President’s Message: January 2014

Health Care Reform: Top 10 Things Ohio Psychologists Should Know

AshtonBy: Kathleen Ashton, PhD, OPA President

This January, the Affordable Care Act (ACA), also known by some as Obamacare (lovingly or not so lovingly) takes full effect. This piece of legislation is likely to be the most impactful piece of health care legislation since the establishment of Medicare. Here are just a few of things that you ought to know as an Ohio psychologist:

  1. The individual mandate. Health insurance exchanges have started operating in Ohio, run by the federal government. Starting in 2014, individuals without health care insurance will have to pay a fine. In addition, many Ohioans will qualify for subsidies to insurance bought through the health care exchanges. This means that more Ohioans will have access to insurance, meaning you may potentially have a larger patient pool.
  2. Medicaid expansion. Ohio has approved Medicaid expansion, enabling more Ohioans to receive health care insurance through Medicaid.
  3. Mental health parity. The ACA requires mental health parity and abolishes pre-existing conditions as a reason to deny coverage. This means that all medical health insurance coverage will have mental health coverage included.
  4. Good bye fee for service. The ACA encourages the development of Accountable Care Organizations (ACO) to provide integrated care to Medicare patients. ACOs will collect outcome data and be paid by efficacy rather than procedures or visits.
  5. Hello integrated care! Helping ACOs manage chronic conditions like pain, obesity, diabetes, hypertension and smoking cessation is a potential opportunity for psychologists trained in behavioral medicine.
  6. Measuring outcomes. As stated above, psychologists will need to participate in outcome measurement (i.e., PQRS) with Medicare patients. Until now, there were bonuses for participating, but starting in 2014, there will be penalties for not participating. This is all part of the push for payment to be based on treatment outcomes rather than providing a visit or specific service.
  7. Integrated primary care. There is a push to integrate mental health and substance abuse services into primary care settings. This might mean co-location, but more importantly means real communication between providers in a multidisciplinary team.
  8. Electronic medical records. Using electronic medical records (EMR) can be a key part of providing integrated care. EMR can help mental health providers be aware of issues arising in a patient’s medical care and facilitate timely communication between psychologists and other medical providers. Although confidentiality concerns are important, EMR will be essential to future practice. APA Practice Organization has resources available to help psychologists learn about EMRs.
  9. Traditional 50 minute therapy hours. Practice is more likely to look more like the medical model to Ohio psychologists. Psychologists may move toward using briefer visits, curbside consultations, group treatment models and briefer interventions to increase access to care.
  10. Retraining? Psychologists in traditional private practice settings may benefit from retraining in skills that might serve them in primary care settings. Areas such as behavioral medicine, evidenced based treatment, brief intervention, brief report writing, multidisciplinary team participation, consultation, and electronic medical records utilization could help strengthen your potential to acclimate to health care reform. All Ohio psychologists need to keep abreast of the ongoing changes affected by health care reform such as HIPPA, ICD-10 use, PQRS, etc.
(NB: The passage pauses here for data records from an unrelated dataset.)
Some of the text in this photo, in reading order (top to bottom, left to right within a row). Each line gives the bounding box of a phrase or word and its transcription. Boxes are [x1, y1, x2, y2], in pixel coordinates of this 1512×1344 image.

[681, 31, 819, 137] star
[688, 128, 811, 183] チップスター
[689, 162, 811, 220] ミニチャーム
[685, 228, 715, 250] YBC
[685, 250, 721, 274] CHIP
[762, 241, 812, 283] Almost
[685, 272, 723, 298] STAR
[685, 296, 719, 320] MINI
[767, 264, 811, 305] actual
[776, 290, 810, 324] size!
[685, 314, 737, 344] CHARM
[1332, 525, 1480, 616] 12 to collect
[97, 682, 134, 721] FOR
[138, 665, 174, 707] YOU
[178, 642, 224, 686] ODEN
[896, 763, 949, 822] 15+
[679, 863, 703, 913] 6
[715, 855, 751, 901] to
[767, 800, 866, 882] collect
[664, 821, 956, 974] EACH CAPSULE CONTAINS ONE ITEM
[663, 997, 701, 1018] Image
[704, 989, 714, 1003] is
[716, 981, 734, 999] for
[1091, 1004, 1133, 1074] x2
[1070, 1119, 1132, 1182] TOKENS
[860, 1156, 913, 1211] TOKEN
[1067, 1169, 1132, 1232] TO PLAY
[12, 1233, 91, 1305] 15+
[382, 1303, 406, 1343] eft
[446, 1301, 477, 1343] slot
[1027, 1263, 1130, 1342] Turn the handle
Overwhelmed? There are many resources through OPA and APA to help you adjust to health care reform. In fact, we recently appointed a Health Care Reform Task Force, headed by Gary Sipps and Patrick Palmieri to help Ohio psychologists stay informed about the upcoming changes and develop practical tools for adjusting to health care reform.
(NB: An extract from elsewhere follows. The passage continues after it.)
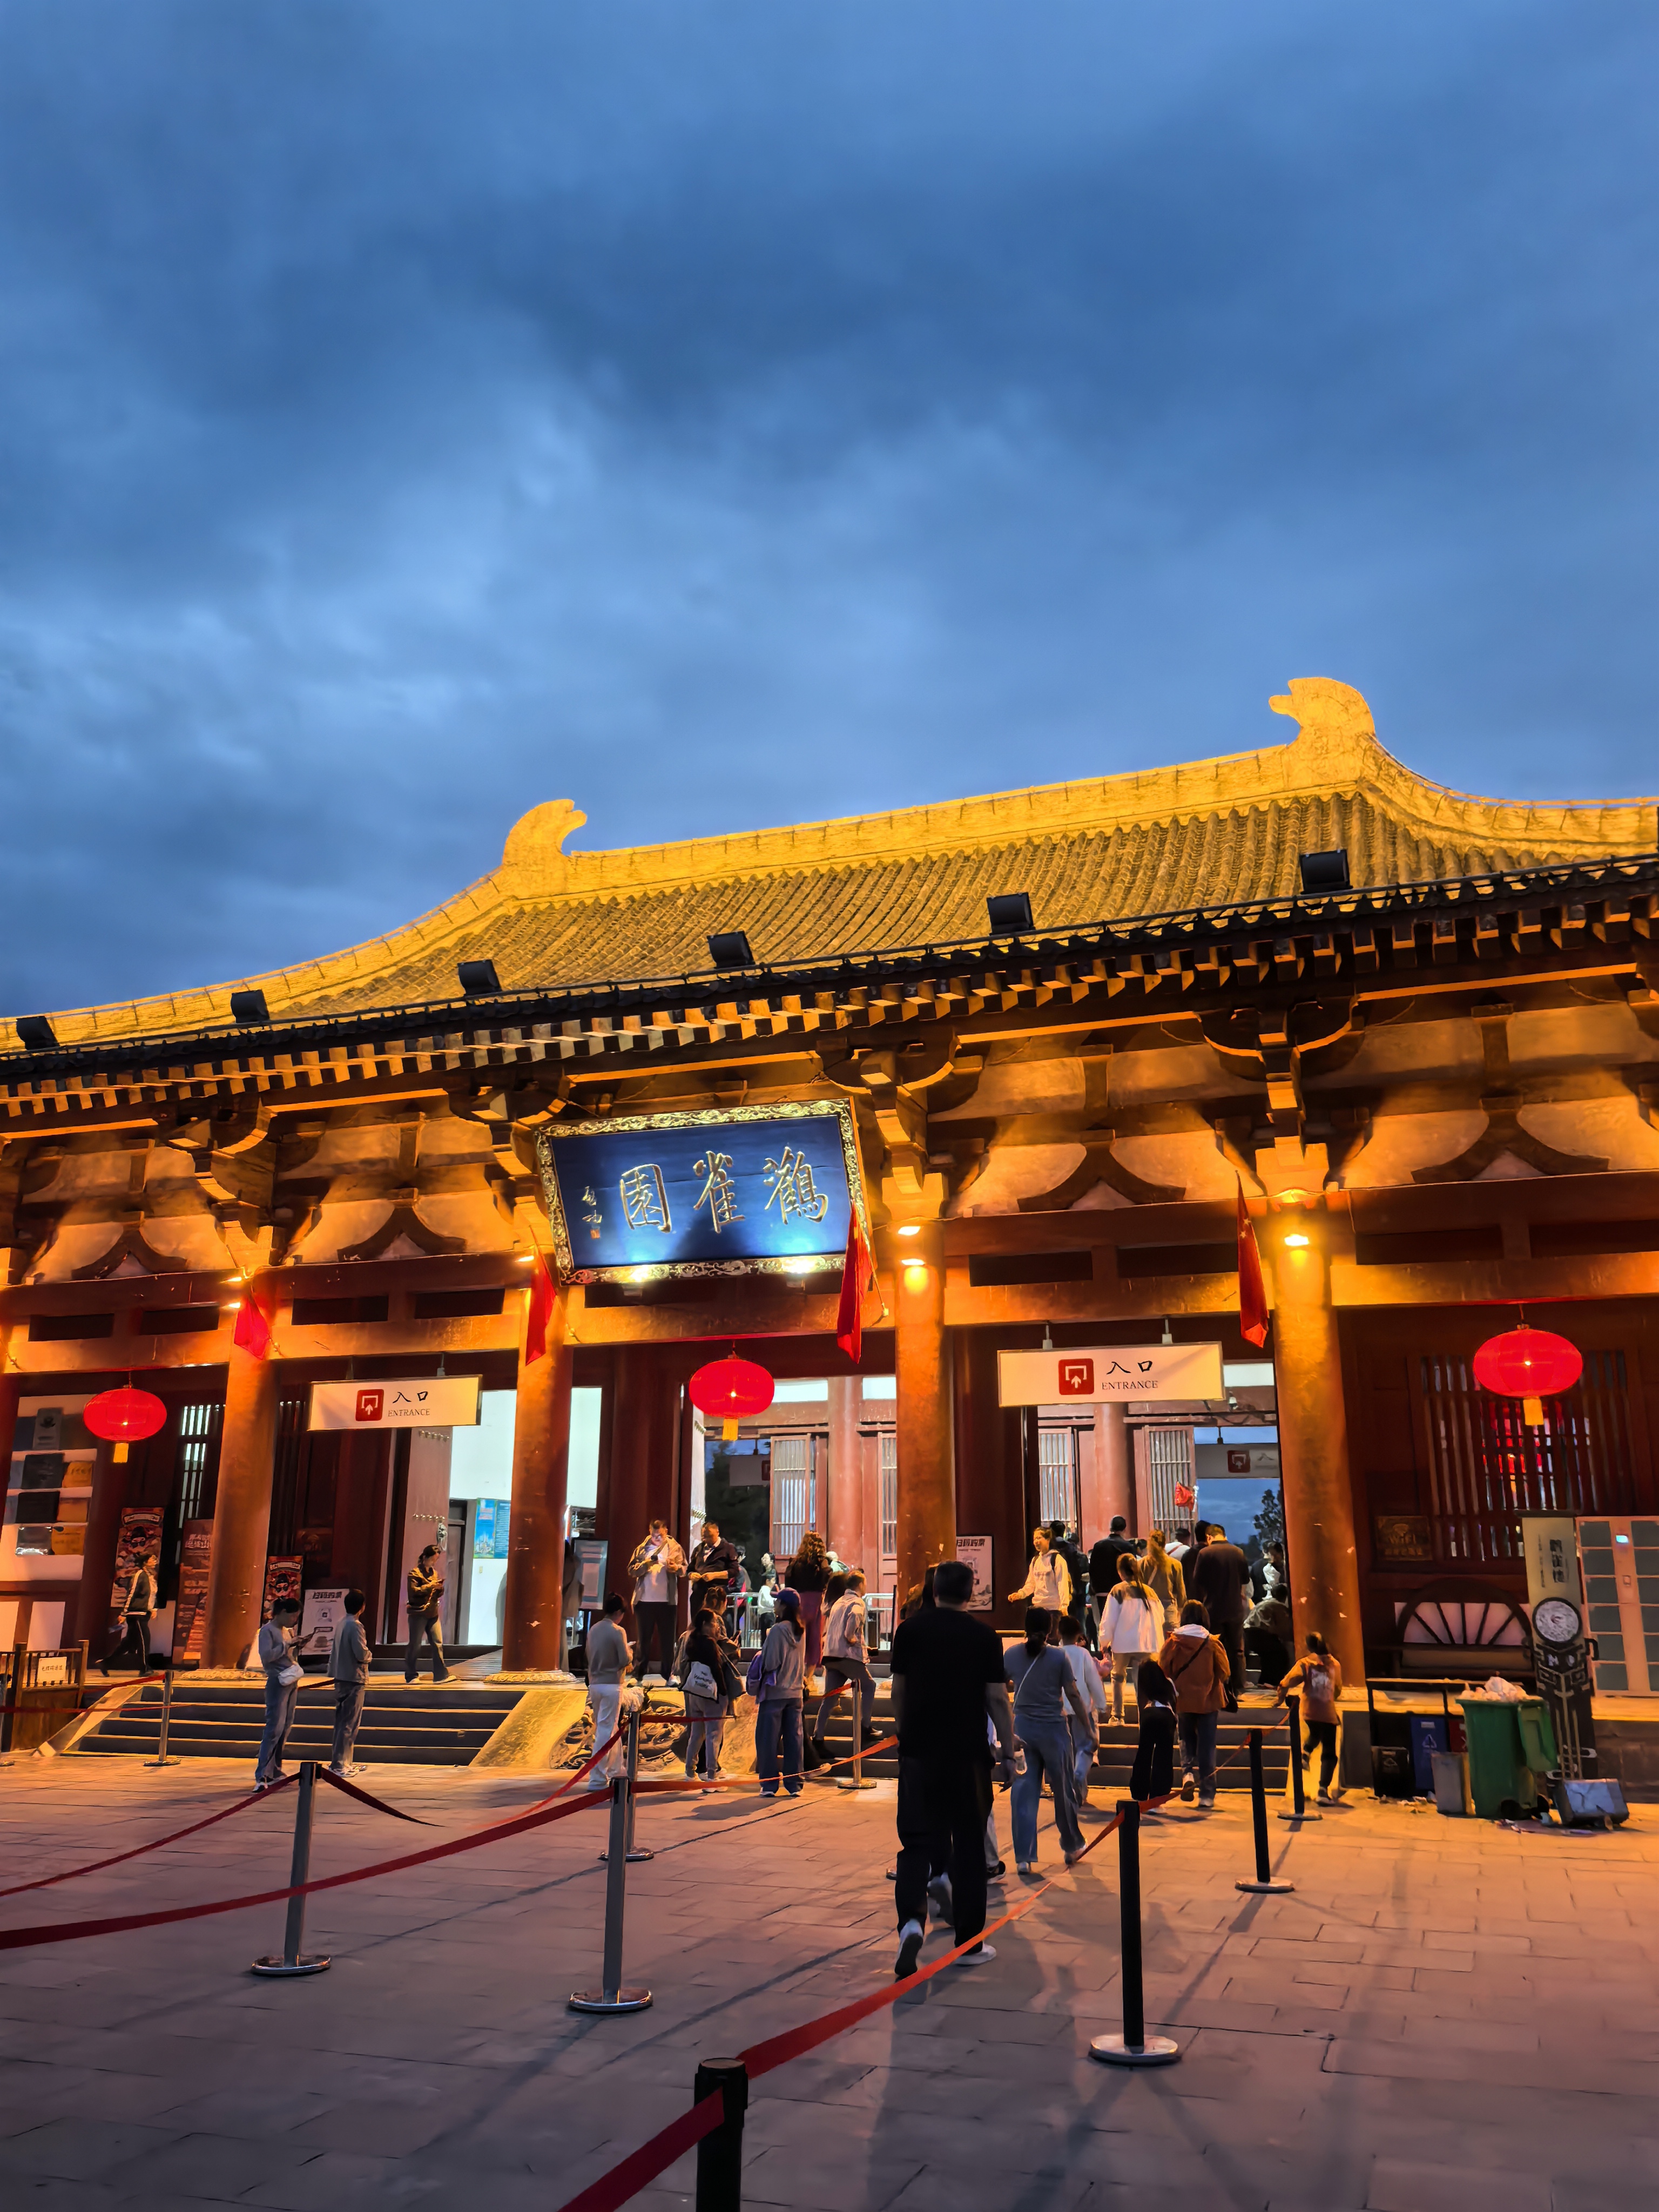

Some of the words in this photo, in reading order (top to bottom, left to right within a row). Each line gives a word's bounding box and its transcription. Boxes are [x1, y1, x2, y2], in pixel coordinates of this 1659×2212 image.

[1106, 1360, 1153, 1375] 入口
[1102, 1380, 1158, 1390] ENTRANCE
[393, 1391, 429, 1404] 入口
[388, 1408, 430, 1417] ENTRANCE
Remember to use OPA and APA advocacy tools to help influence health care reform on behalf of psychology. For example, the Behavioral Health Information Technology Act of 2013 (S. 1517/H.R. 2957), sponsored by Senator Sheldon Whitehouse (D-RI) and Representatives Tim Murphy (R-PA) and Ron Barber (D-AZ) would make psychologists eligible for existing HITECH Act incentive payments that would make pricey EMRs more affordable.

The ACA represents an exciting shift in health care with many opportunities for psychology, it’s time we embrace the possibilities in spite of our anxieties!